A separation of innate and learned vocal behaviors defines the symptomatology of spasmodic dysphonia

Samantha Guiry, Alexis Worthley, Kristina Simonyan, Samantha Guiry, Alexis Worthley, Kristina Simonyan

Abstract

Objective: Spasmodic dysphonia (SD) is a neurological disorder characterized by involuntary spasms in the laryngeal muscles. It is thought to selectively affect speaking; other vocal behaviors remain intact. However, the patients' own perspective on their symptoms is largely missing, leading to partial understanding of the full spectrum of voice alterations in SD.

Methods: A cohort of 178 SD patients rated their symptoms on the visual analog scale based on the level of effort required for speaking, singing, shouting, whispering, crying, laughing, and yawning. Statistical differences between the effort for speaking and the effort for other vocal behaviors were assessed using nonparametric Wilcoxon rank-sum tests within the overall SD cohort as well as within different subgroups of SD.

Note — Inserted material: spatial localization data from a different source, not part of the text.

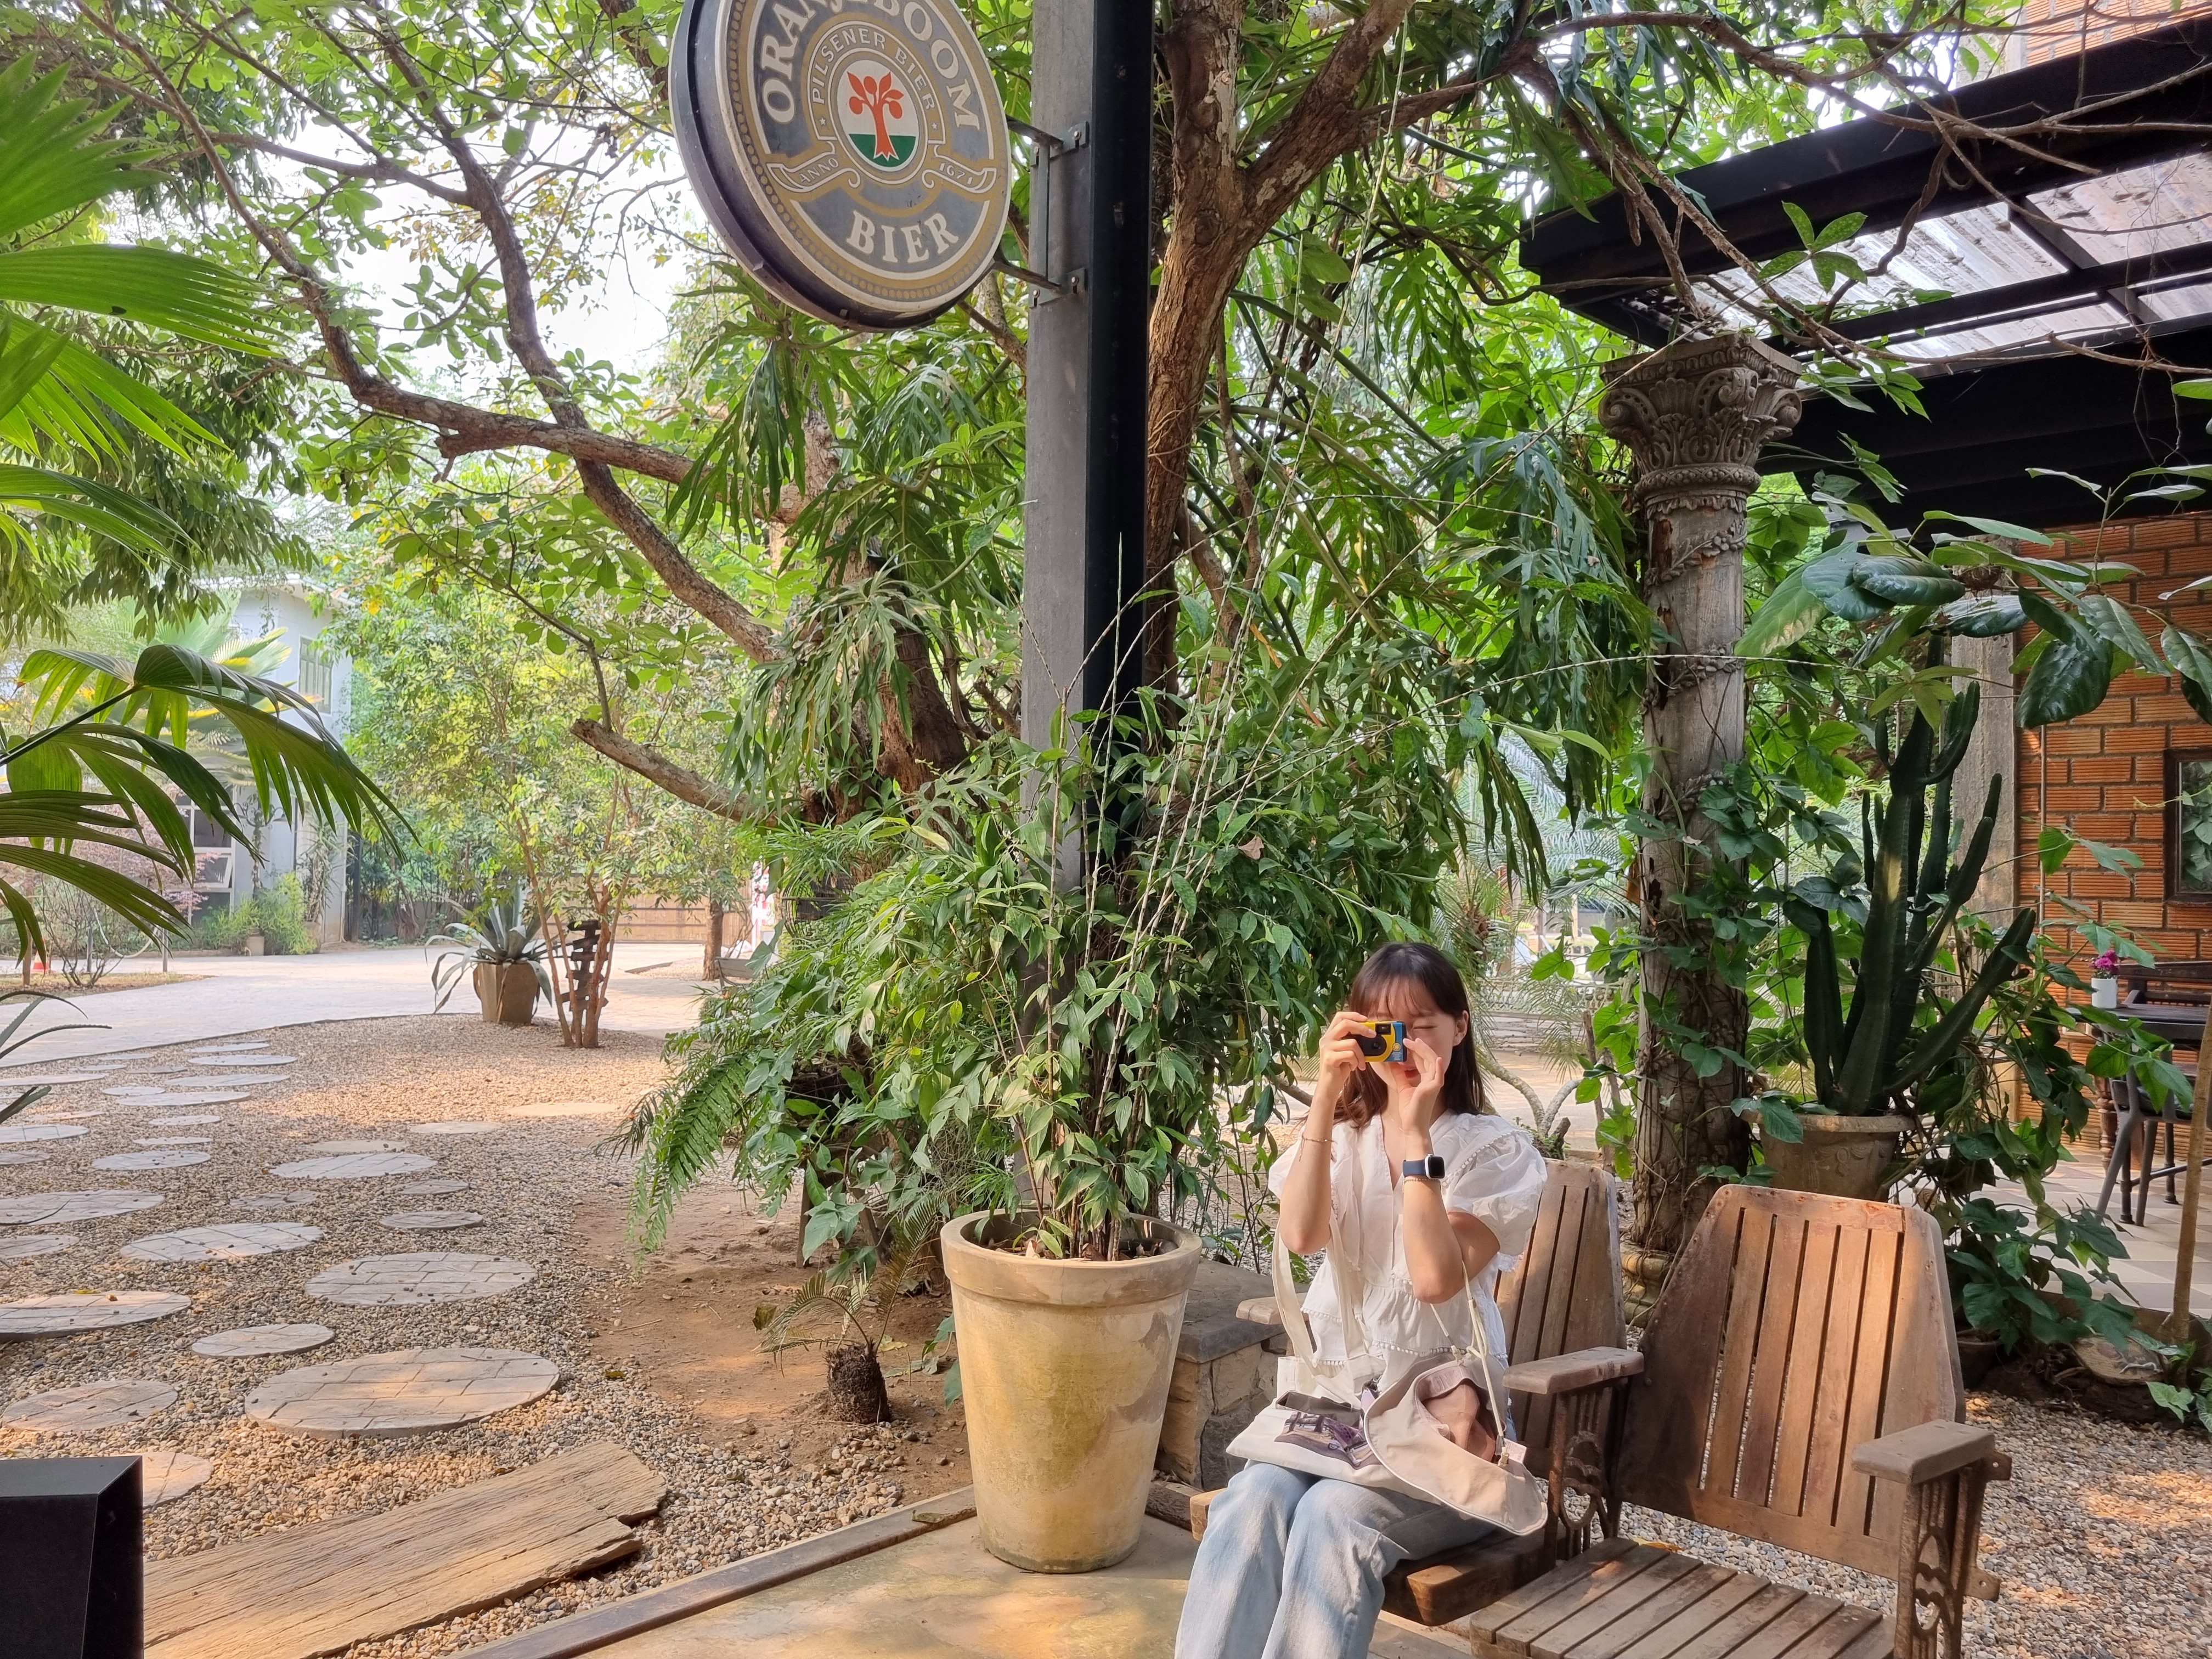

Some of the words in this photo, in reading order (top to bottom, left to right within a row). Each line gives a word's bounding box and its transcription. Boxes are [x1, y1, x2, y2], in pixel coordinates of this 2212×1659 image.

[760, 0, 980, 130] ORAOOM
[812, 27, 885, 105] PILSENER
[895, 47, 935, 110] BIER
[799, 157, 839, 183] ANNO
[939, 162, 974, 185] 1671
[846, 210, 960, 264] BIER

Results: Speech production was found to be the most impaired behavior, ranking as the most effortful type of voice production in all SD patients. In addition, singing required nearly similar effort as speaking, ranking as the second most altered vocal behavior. Shouting showed a range of variability in its alterations, being especially difficult to produce for patients with adductor form, co-occurring voice tremor, late onset of disorder, and familial history of dystonia. Other vocal behaviors, such as crying, laughing, whispering, and yawning, were within the normal ranges across all SD patients.

Conclusion: Our findings widen the symptomatology of SD, which has predominantly been focused on selective speech impairments. We suggest that a separation of SD symptoms is rooted in selective aberrations of the neural circuitry controlling learned but not innate vocal behaviors.

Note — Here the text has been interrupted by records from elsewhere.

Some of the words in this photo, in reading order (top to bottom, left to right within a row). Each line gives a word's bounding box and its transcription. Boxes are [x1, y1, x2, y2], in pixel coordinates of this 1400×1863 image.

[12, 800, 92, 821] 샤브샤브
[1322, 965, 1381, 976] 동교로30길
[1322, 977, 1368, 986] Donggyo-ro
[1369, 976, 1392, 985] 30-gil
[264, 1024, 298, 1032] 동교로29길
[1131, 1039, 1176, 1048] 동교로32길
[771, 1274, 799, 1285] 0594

Level of evidence: 4 Laryngoscope, 129:1627-1633, 2019.

Keywords: Laryngeal dystonia; learned vocal behaviors; voice symptoms.

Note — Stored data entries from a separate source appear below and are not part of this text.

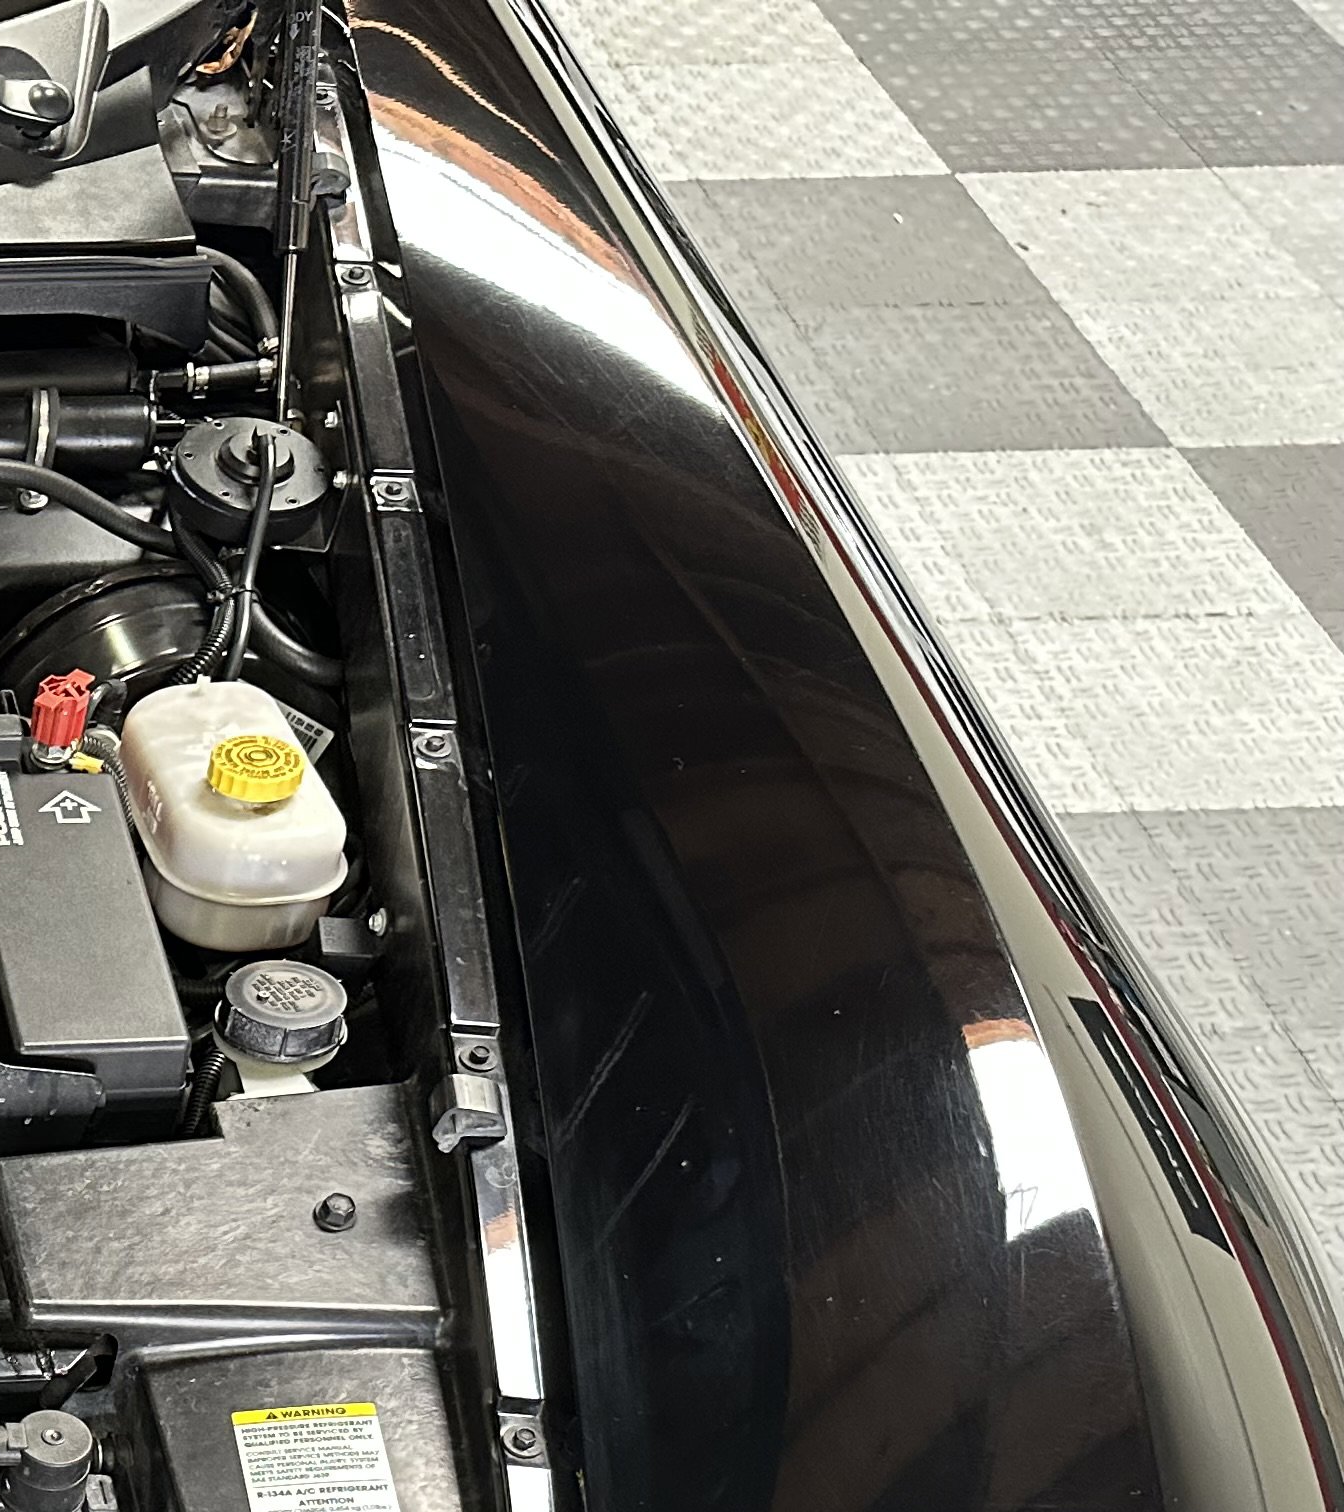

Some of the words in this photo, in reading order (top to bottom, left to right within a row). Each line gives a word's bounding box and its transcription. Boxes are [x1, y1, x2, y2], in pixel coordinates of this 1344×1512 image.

[281, 1408, 346, 1418] WARNING
[313, 1420, 373, 1428] REFRIGERANT
[306, 1428, 349, 1436] SERVICED
[244, 1439, 290, 1448] QUALIFIED
[257, 1490, 292, 1498] R-134A
[319, 1484, 388, 1494] REFRIGERANT
[299, 1497, 354, 1506] ATTENTION

Conflict of interest statement

Financial conflict of interest: None

© 2018 The American Laryngological, Rhinological and Otological Society, Inc.

Figures

Figure 1.
Figure 1.
(A) Density plot depicts the distribution of voice symptoms based on the ratings using a 10-point visual analog scale. Innate vocalizations are heavily skewed towards lower severity values, while voluntary vocalizations show the opposite trend. (B) The empirical cumulative distribution curves for each rating scale among all patients display differences in distribution between the voluntary and innate vocalization curves. Whispering, yawning and crying show a convex, left skew, with higher probabilities at lower rankings, while shouting, singing, and speaking show the opposite, concave, right skew, with higher probabilities associated with higher rankings.
Figure 2.
Figure 2.
Density plots and empirical cumulative distribution curves show symptom ranges in different phenotypes and genotypes of SD, including (A) abductor and adductor forms; (B) SD with and without voice tremor; (C) SD with early and late onset of disorder; (D) familial and sporadic cases.
Figure 3.
Figure 3.
Schematic distribution of SD symptomatology, with increasing symptom manifestation (left to right) from yawning (innate voiceless behavior) to speaking (learned, most complex voiced motor behavior). Gray shading (light to dark) indicates the severity of symptoms during the production of different vocal behaviors, which are grouped based on the organization of their neural control.